Although the entries contain pictures, return everything else in them verbatim and omit the pictures.

Top of Records supplied

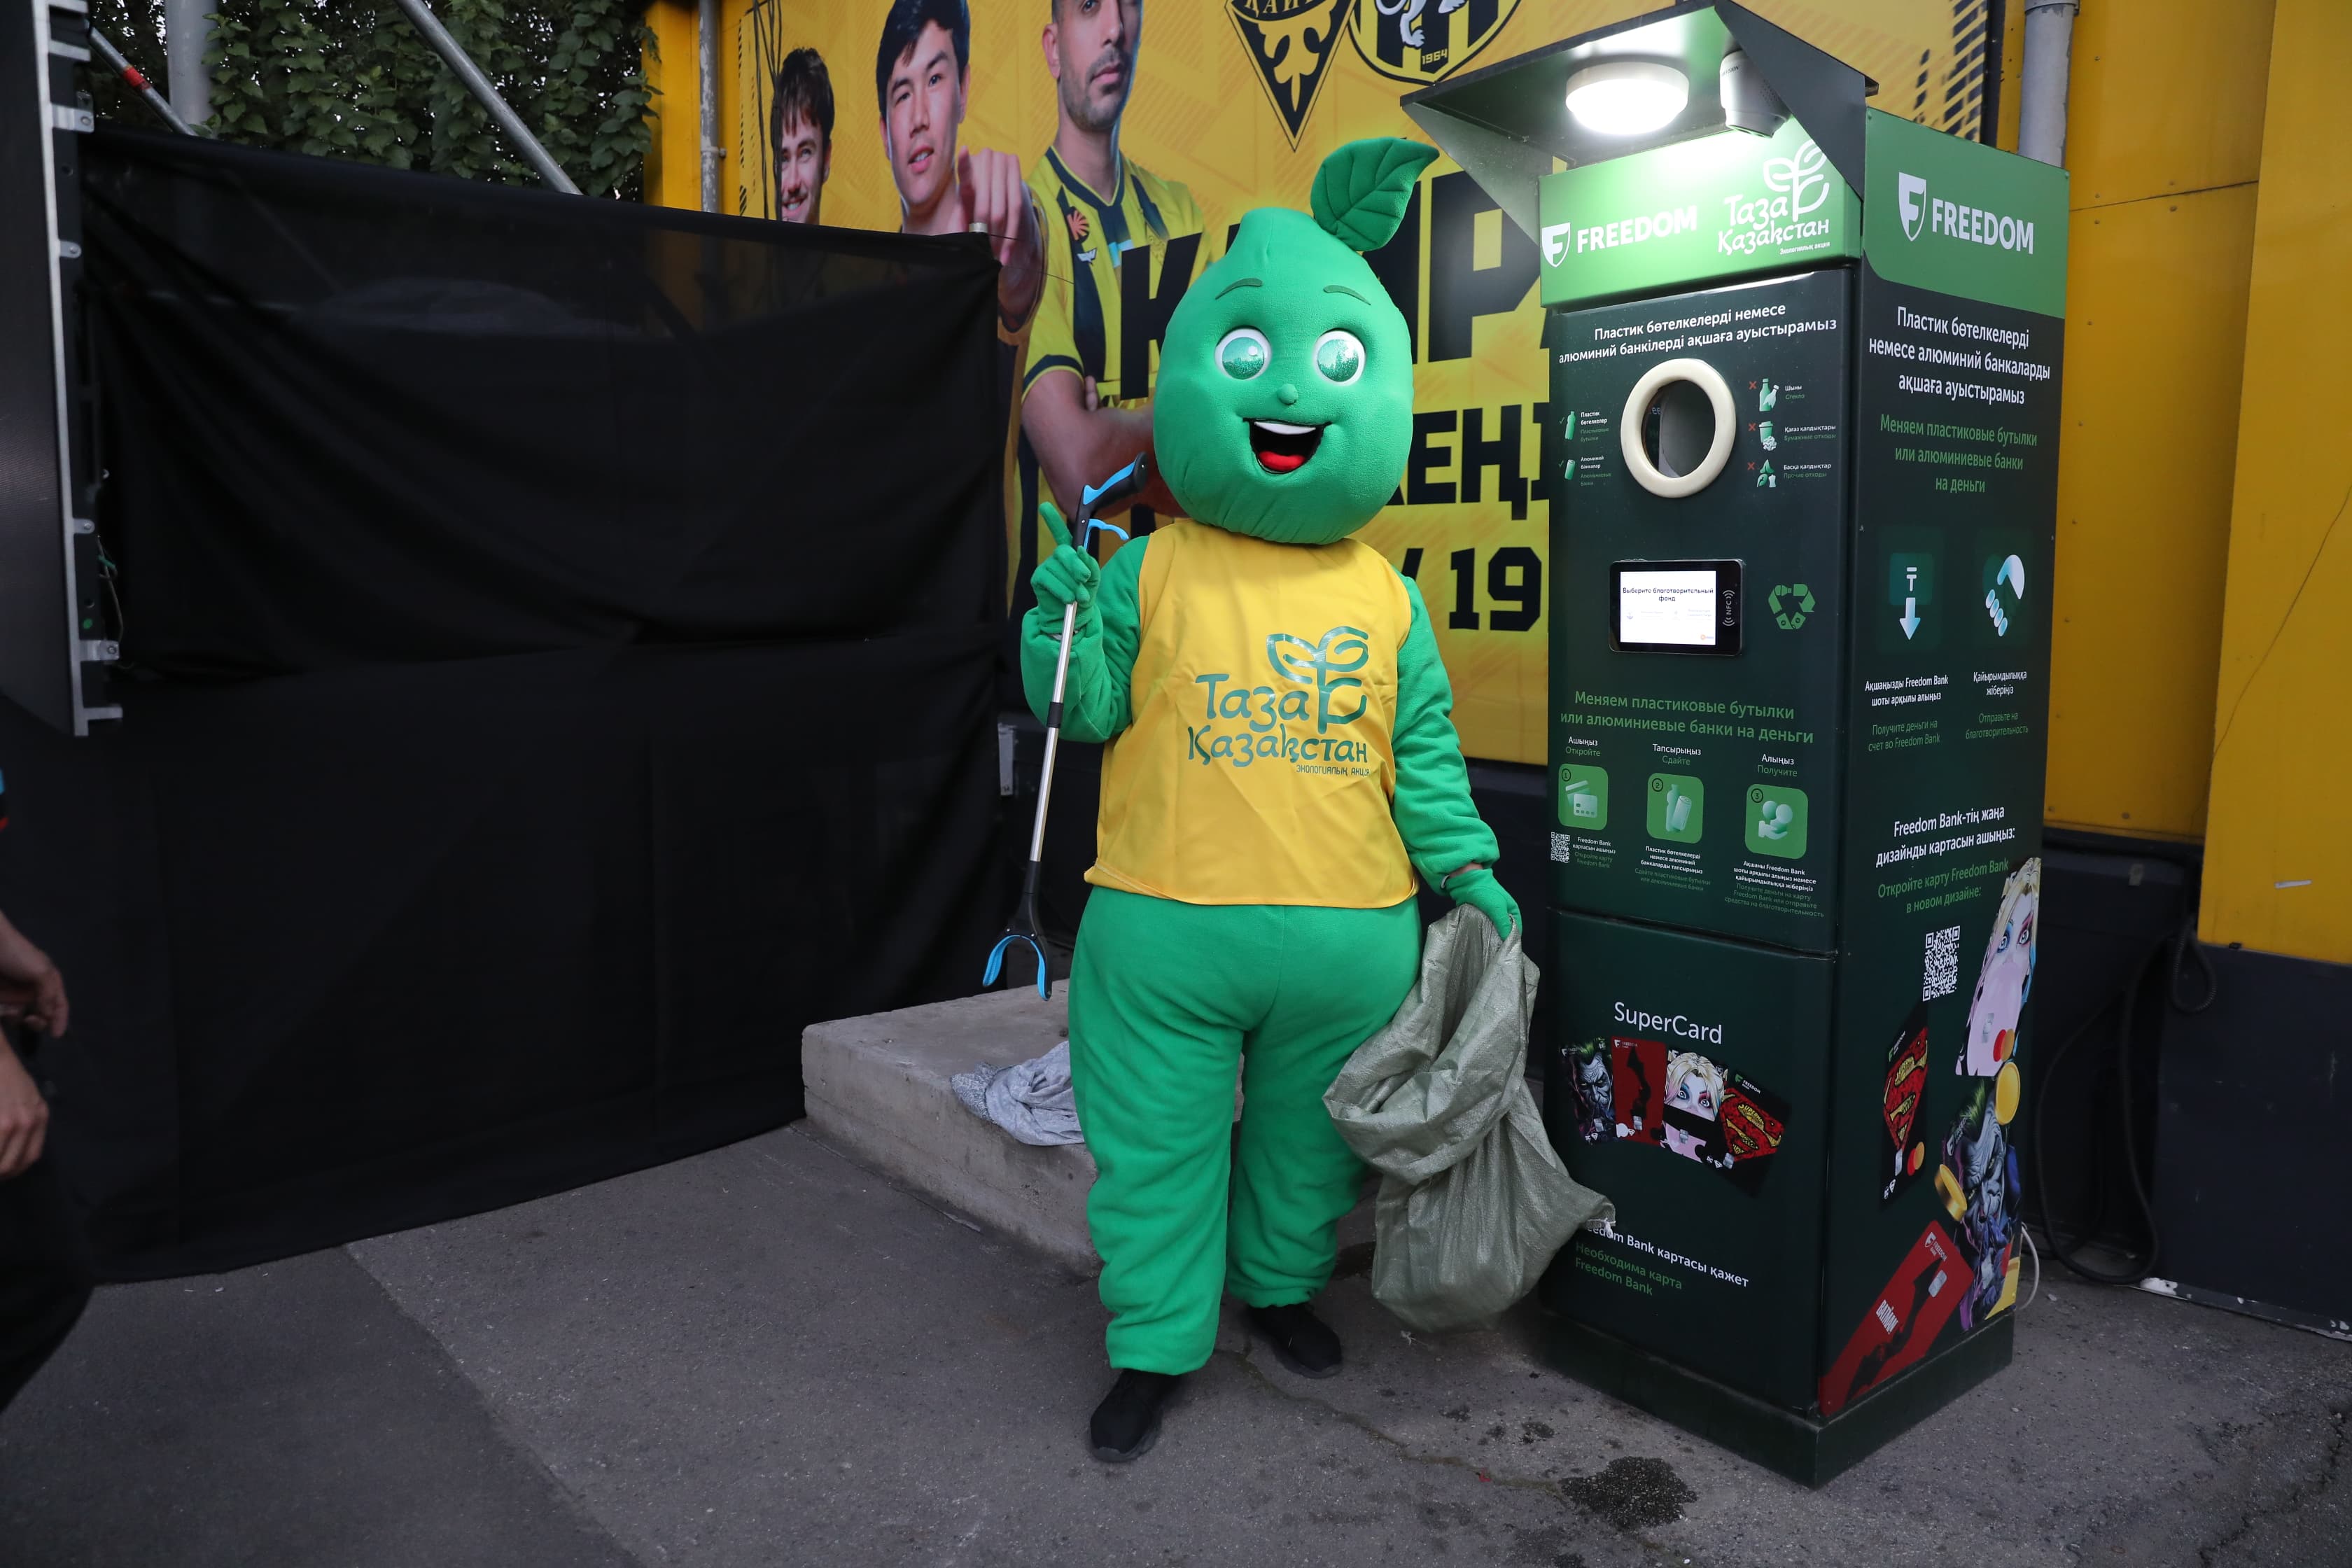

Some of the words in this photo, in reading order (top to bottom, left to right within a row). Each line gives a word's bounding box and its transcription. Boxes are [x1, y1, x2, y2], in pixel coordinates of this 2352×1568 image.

[1422, 48, 1448, 64] 1964
[1724, 195, 1788, 230] Таза
[1577, 206, 1698, 253] FREEDOM
[1718, 218, 1829, 255] Қазақстан
[1932, 197, 2033, 255] FREEDOM
[1595, 325, 1644, 341] Пластик
[1647, 309, 1732, 334] бөтелкелерді
[1735, 304, 1786, 321] немесе
[1897, 306, 1948, 335] Пластик
[1952, 316, 2029, 349] бөтелкелерді
[1559, 344, 1616, 363] алюминий
[1620, 337, 1684, 356] банкілерді
[1687, 331, 1733, 348] ақшаға
[1736, 318, 1837, 343] ауыстырамыз
[1869, 337, 1915, 358] немесе
[1918, 345, 1982, 369] алюминий
[1984, 351, 2050, 381] банкаларды
[1898, 374, 1942, 394] ақшаға
[1945, 381, 2024, 405] ауыстырамыз
[1880, 414, 1924, 435] Меняем
[1926, 422, 1995, 442] пластиковые
[1997, 427, 2038, 447] бутылки
[1895, 447, 1915, 462] или
[1917, 449, 1992, 468] алюминиевые
[1994, 452, 2023, 470] банки
[1935, 477, 1947, 491] на
[1950, 478, 1985, 493] деньги
[1865, 679, 1904, 692] Ақшаңызды
[1905, 675, 1933, 688] Freedom
[1933, 674, 1949, 686] Bank
[1973, 670, 2027, 684] Қайырымдылыққа
[1195, 673, 1310, 732] Таза
[1871, 696, 1890, 707] шоты
[1891, 693, 1917, 706] арқылы
[1917, 692, 1941, 702] алыңыз
[1986, 685, 2014, 697] жіберіңіз
[1574, 690, 1628, 708] Меняем
[1632, 697, 1726, 714] пластиковые
[1730, 701, 1795, 720] бутылки
[1560, 712, 1583, 725] или
[1586, 713, 1686, 732] алюминиевые
[1690, 720, 1733, 737] банки
[1737, 724, 1754, 738] на
[1758, 728, 1814, 745] деньги
[1872, 724, 1905, 737] Получите
[1906, 720, 1929, 734] деньги
[1930, 720, 1938, 729] на
[1978, 712, 2010, 726] Отправьте
[2010, 712, 2018, 720] на
[1568, 736, 1598, 748] Ашыңыз
[1868, 741, 1884, 752] счет
[1885, 740, 1893, 750] во
[1895, 734, 1924, 748] Freedom
[1925, 734, 1940, 745] Bank
[1966, 724, 2029, 740] благотворительность
[1188, 723, 1368, 767] Қазақстан
[1565, 746, 1601, 757] Откройте
[1653, 743, 1702, 757] Тапсырыңыз
[1662, 755, 1691, 766] Сдайте
[1757, 764, 1798, 778] Получите
[1761, 753, 1795, 766] Алыңыз
[1893, 816, 1937, 837] Freedom
[1940, 807, 1980, 830] Bank-тің
[1981, 806, 2005, 822] жаңа
[1646, 846, 1666, 854] Пластик
[1876, 845, 1926, 868] дизайнды
[1928, 834, 1974, 856] картасын
[1976, 827, 2015, 845] ашыңыз:
[1641, 860, 1671, 869] банкаларды
[1669, 857, 1695, 865] алюминий
[1766, 864, 1790, 874] Freedom
[1736, 883, 1764, 893] Получите
[1878, 876, 1923, 898] Откройте
[1924, 872, 1949, 890] карту
[1951, 862, 1987, 882] Freedom
[1989, 857, 2009, 873] Bank
[1733, 890, 1758, 899] Freedom
[1906, 902, 1912, 913] в
[1914, 893, 1942, 912] новом
[1944, 886, 1982, 906] дизайне:
[1614, 1001, 1722, 1045] SuperCard
[1576, 1242, 1646, 1276] Необходима
[1649, 1270, 1682, 1290] карта
[1627, 1234, 1655, 1254] Bank
[1657, 1247, 1707, 1273] картасы
[1710, 1266, 1749, 1288] қажет
[1575, 1257, 1622, 1284] Freedom
[1625, 1275, 1653, 1296] Bank

Bottom of Records supplied

Task output -
Some of the words in this photo, in reading order (top to bottom, left to right within a row). Each line gives a word's bounding box and its transcription. Boxes are [x1, y1, x2, y2], in pixel coordinates of this 2352×1568 image.

[1422, 48, 1448, 64] 1964
[1724, 195, 1788, 230] Таза
[1577, 206, 1698, 253] FREEDOM
[1718, 218, 1829, 255] Қазақстан
[1932, 197, 2033, 255] FREEDOM
[1595, 325, 1644, 341] Пластик
[1647, 309, 1732, 334] бөтелкелерді
[1735, 304, 1786, 321] немесе
[1897, 306, 1948, 335] Пластик
[1952, 316, 2029, 349] бөтелкелерді
[1559, 344, 1616, 363] алюминий
[1620, 337, 1684, 356] банкілерді
[1687, 331, 1733, 348] ақшаға
[1736, 318, 1837, 343] ауыстырамыз
[1869, 337, 1915, 358] немесе
[1918, 345, 1982, 369] алюминий
[1984, 351, 2050, 381] банкаларды
[1898, 374, 1942, 394] ақшаға
[1945, 381, 2024, 405] ауыстырамыз
[1880, 414, 1924, 435] Меняем
[1926, 422, 1995, 442] пластиковые
[1997, 427, 2038, 447] бутылки
[1895, 447, 1915, 462] или
[1917, 449, 1992, 468] алюминиевые
[1994, 452, 2023, 470] банки
[1935, 477, 1947, 491] на
[1950, 478, 1985, 493] деньги
[1865, 679, 1904, 692] Ақшаңызды
[1905, 675, 1933, 688] Freedom
[1933, 674, 1949, 686] Bank
[1973, 670, 2027, 684] Қайырымдылыққа
[1195, 673, 1310, 732] Таза
[1871, 696, 1890, 707] шоты
[1891, 693, 1917, 706] арқылы
[1917, 692, 1941, 702] алыңыз
[1986, 685, 2014, 697] жіберіңіз
[1574, 690, 1628, 708] Меняем
[1632, 697, 1726, 714] пластиковые
[1730, 701, 1795, 720] бутылки
[1560, 712, 1583, 725] или
[1586, 713, 1686, 732] алюминиевые
[1690, 720, 1733, 737] банки
[1737, 724, 1754, 738] на
[1758, 728, 1814, 745] деньги
[1872, 724, 1905, 737] Получите
[1906, 720, 1929, 734] деньги
[1930, 720, 1938, 729] на
[1978, 712, 2010, 726] Отправьте
[2010, 712, 2018, 720] на
[1568, 736, 1598, 748] Ашыңыз
[1868, 741, 1884, 752] счет
[1885, 740, 1893, 750] во
[1895, 734, 1924, 748] Freedom
[1925, 734, 1940, 745] Bank
[1966, 724, 2029, 740] благотворительность
[1188, 723, 1368, 767] Қазақстан
[1565, 746, 1601, 757] Откройте
[1653, 743, 1702, 757] Тапсырыңыз
[1662, 755, 1691, 766] Сдайте
[1757, 764, 1798, 778] Получите
[1761, 753, 1795, 766] Алыңыз
[1893, 816, 1937, 837] Freedom
[1940, 807, 1980, 830] Bank-тің
[1981, 806, 2005, 822] жаңа
[1646, 846, 1666, 854] Пластик
[1876, 845, 1926, 868] дизайнды
[1928, 834, 1974, 856] картасын
[1976, 827, 2015, 845] ашыңыз:
[1641, 860, 1671, 869] банкаларды
[1669, 857, 1695, 865] алюминий
[1766, 864, 1790, 874] Freedom
[1736, 883, 1764, 893] Получите
[1878, 876, 1923, 898] Откройте
[1924, 872, 1949, 890] карту
[1951, 862, 1987, 882] Freedom
[1989, 857, 2009, 873] Bank
[1733, 890, 1758, 899] Freedom
[1906, 902, 1912, 913] в
[1914, 893, 1942, 912] новом
[1944, 886, 1982, 906] дизайне:
[1614, 1001, 1722, 1045] SuperCard
[1576, 1242, 1646, 1276] Необходима
[1649, 1270, 1682, 1290] карта
[1627, 1234, 1655, 1254] Bank
[1657, 1247, 1707, 1273] картасы
[1710, 1266, 1749, 1288] қажет
[1575, 1257, 1622, 1284] Freedom
[1625, 1275, 1653, 1296] Bank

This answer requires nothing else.